Not knowing if he will ever be able to return to what he was like before Covid felt “almost like a grieving process.”
Miss Phelps said, “I think you know there are going to be questions that will arise if Reece’s health problem stays the way it is, then we will have to address new issues.
“The kind of thing that most couples our age would plan is going to be more difficult for us at this point.”
More than 90 percent of people continue to experience symptoms for at least three months after hospitalization with Covid, suggests a paper to the Scientific Advisory Group on Emergencies (SAGE).
The government is now pumping £ 18.5 million into Long Covid’s study and has set up 69 clinics specifically for patients with the condition.
It comes after a study presented to No10’s top advisers last month claimed that nine out of 10 Covid hospital patients suffer from persistent symptoms for months after being discharged.
Of the 325 survivors in the UK, 93 percent reported having at least one ‘long Covid’ symptom at least three months after recovery.
The most common symptoms were fatigue (77 percent) and shortness of breath (54 percent), but nearly a quarter had more serious problems with their vision, memory, or brain function.
The study, led by Glasgow University, was presented to the Government’s Scientific Advisory Group on Emergencies (SAGE) on Feb. 25.
SAGE said the study showed that there were three different syndromes associated with Long Covid.
It said: “The first of these clusters includes fatigue, shortness of breath with exertion, headache, dizziness, muscle pain, joint pain, balance disorder and limb weakness.
The second is nestled in the first and includes muscle pain, joint pain, balance disorders and limb weakness.
“The third includes loss of smell, taste, difficulty urinating, weight loss, and appetite disorders.”
What are the long-term symptoms of Covid-19?
Most coronavirus patients recover within a fortnight, have a fever, cough and lose their sense of smell or taste for several days.

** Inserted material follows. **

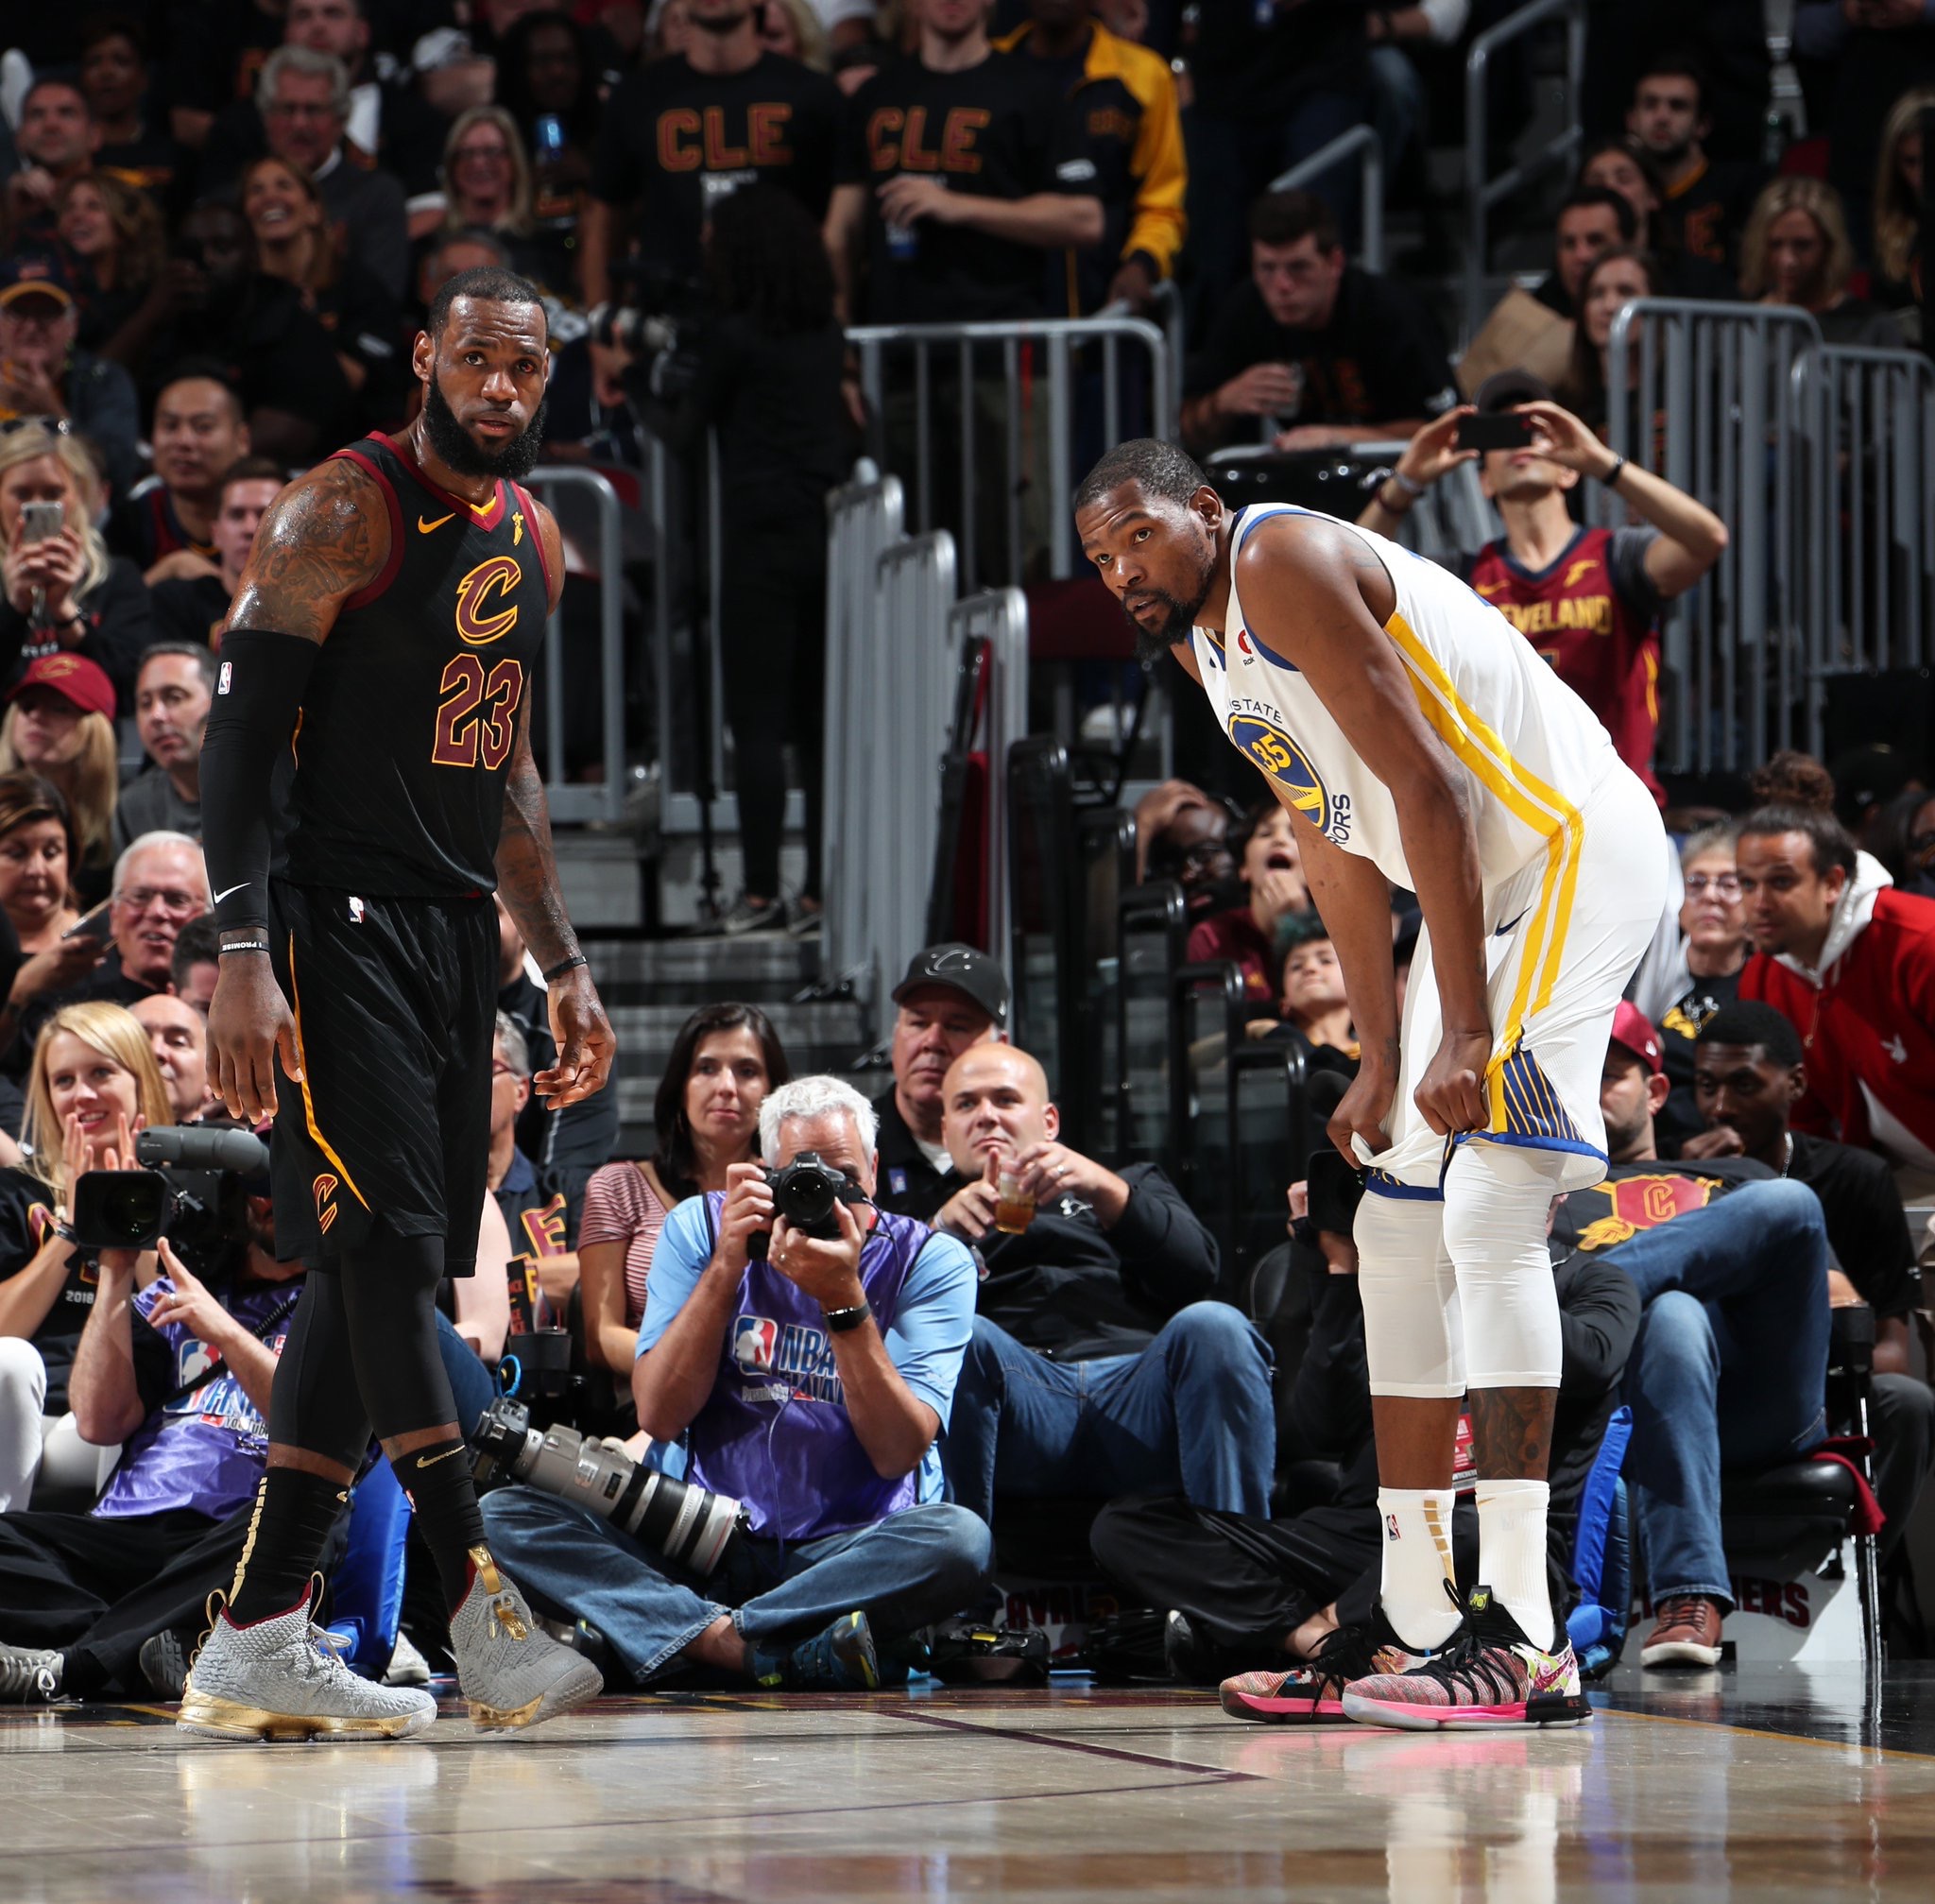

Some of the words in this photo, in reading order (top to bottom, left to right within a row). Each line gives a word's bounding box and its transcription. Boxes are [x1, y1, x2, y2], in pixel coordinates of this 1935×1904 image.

However, there is some evidence that the telltale symptoms of the virus can persist for weeks on end in ‘long haulers’ – the term for patients plagued with lasting complications.

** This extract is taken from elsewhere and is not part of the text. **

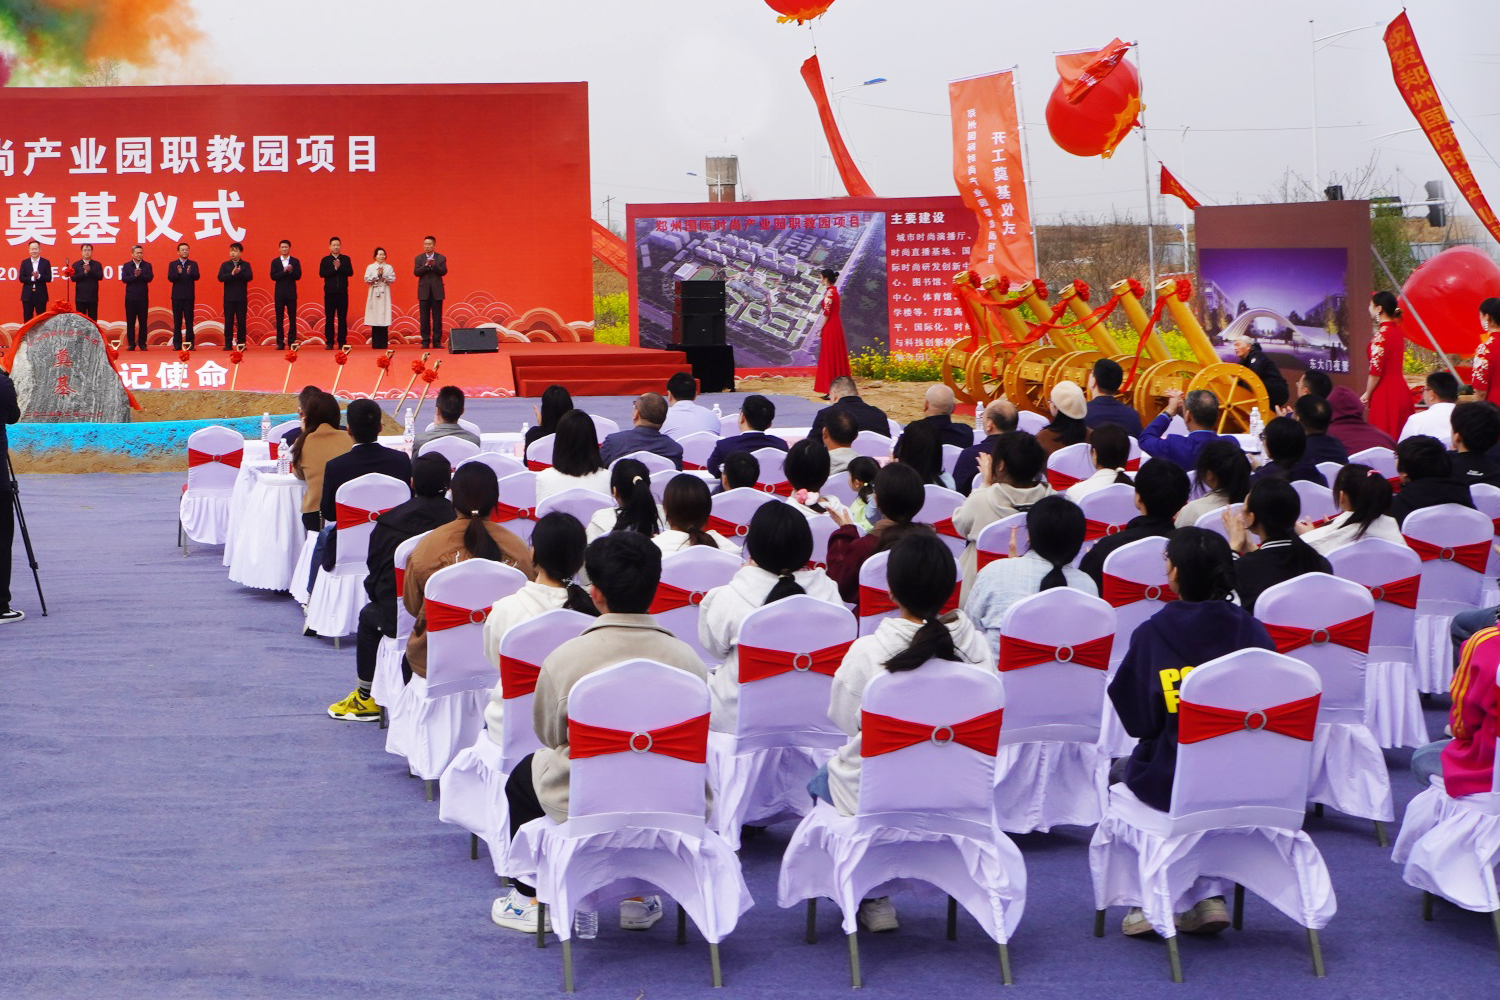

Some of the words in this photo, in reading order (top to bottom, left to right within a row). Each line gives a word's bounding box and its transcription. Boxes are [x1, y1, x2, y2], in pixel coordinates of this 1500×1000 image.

Data from the COVID Symptom Study app, by King’s College London and health company Zoe, suggests that one in 10 people still has symptoms after three weeks, and some may suffer for months.
Long-term symptoms include:
- Chronic fatigue
- Increased heart rate
- Loss of taste / smell
- Kidney disease
- Mobility issues
- muscle strain
For those with more serious illness, Italian researchers who followed 143 people hospitalized with the illness found that nearly 90 percent still had symptoms, including fatigue two months after first becoming unwell.

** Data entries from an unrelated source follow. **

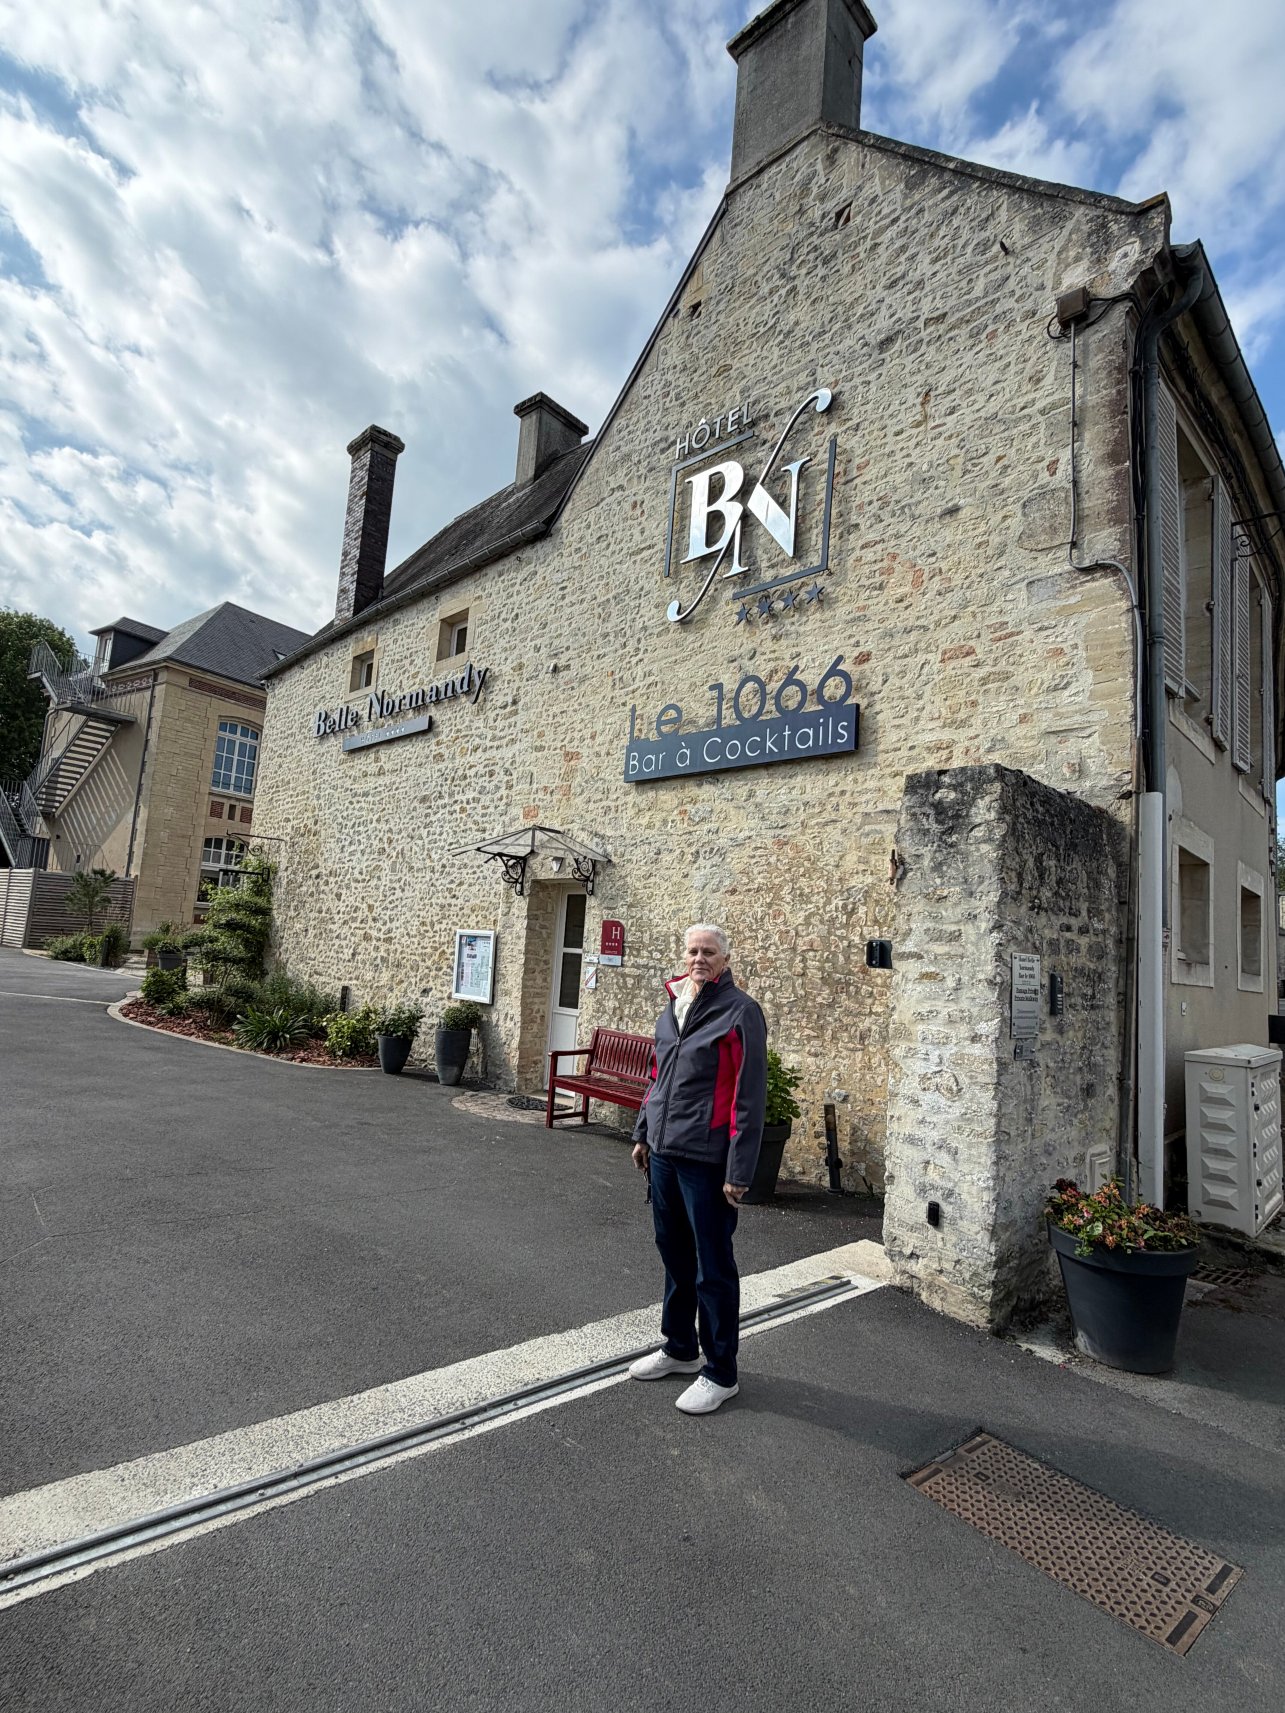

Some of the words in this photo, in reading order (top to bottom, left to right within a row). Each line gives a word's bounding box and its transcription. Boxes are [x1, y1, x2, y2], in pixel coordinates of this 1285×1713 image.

[675, 402, 753, 460] HÔTEL
[313, 705, 359, 738] Belle
[366, 663, 489, 722] Normandy
[708, 654, 853, 731] 1066
[628, 751, 666, 775] Bar
[676, 742, 691, 768] à
[703, 716, 849, 763] Cocktails
[611, 926, 621, 940] H

The most common complaints were fatigue, shortness of breath and joint pain – all of which were reported in their battle with the disease.
Another study in Italy found that one in ten people who lose their sense of taste and smell due to the coronavirus – now recognized as a major sign of the infection – may not get it back within a month.
The study, published in the journal JAMA Otolaryngology – Head and Neck Surgery, involved 187 Italians who had the virus but were not sick enough to be hospitalized.
The UK’s Chief Medical Officer, Professor Chris Whitty, has said the long-term effects of Covid-19 on health could be ‘significant’.
Support groups such as Long Covid have surfaced online for those who have suspected ‘Covid-19 and your experience does not follow the manual or recovery time symptoms’.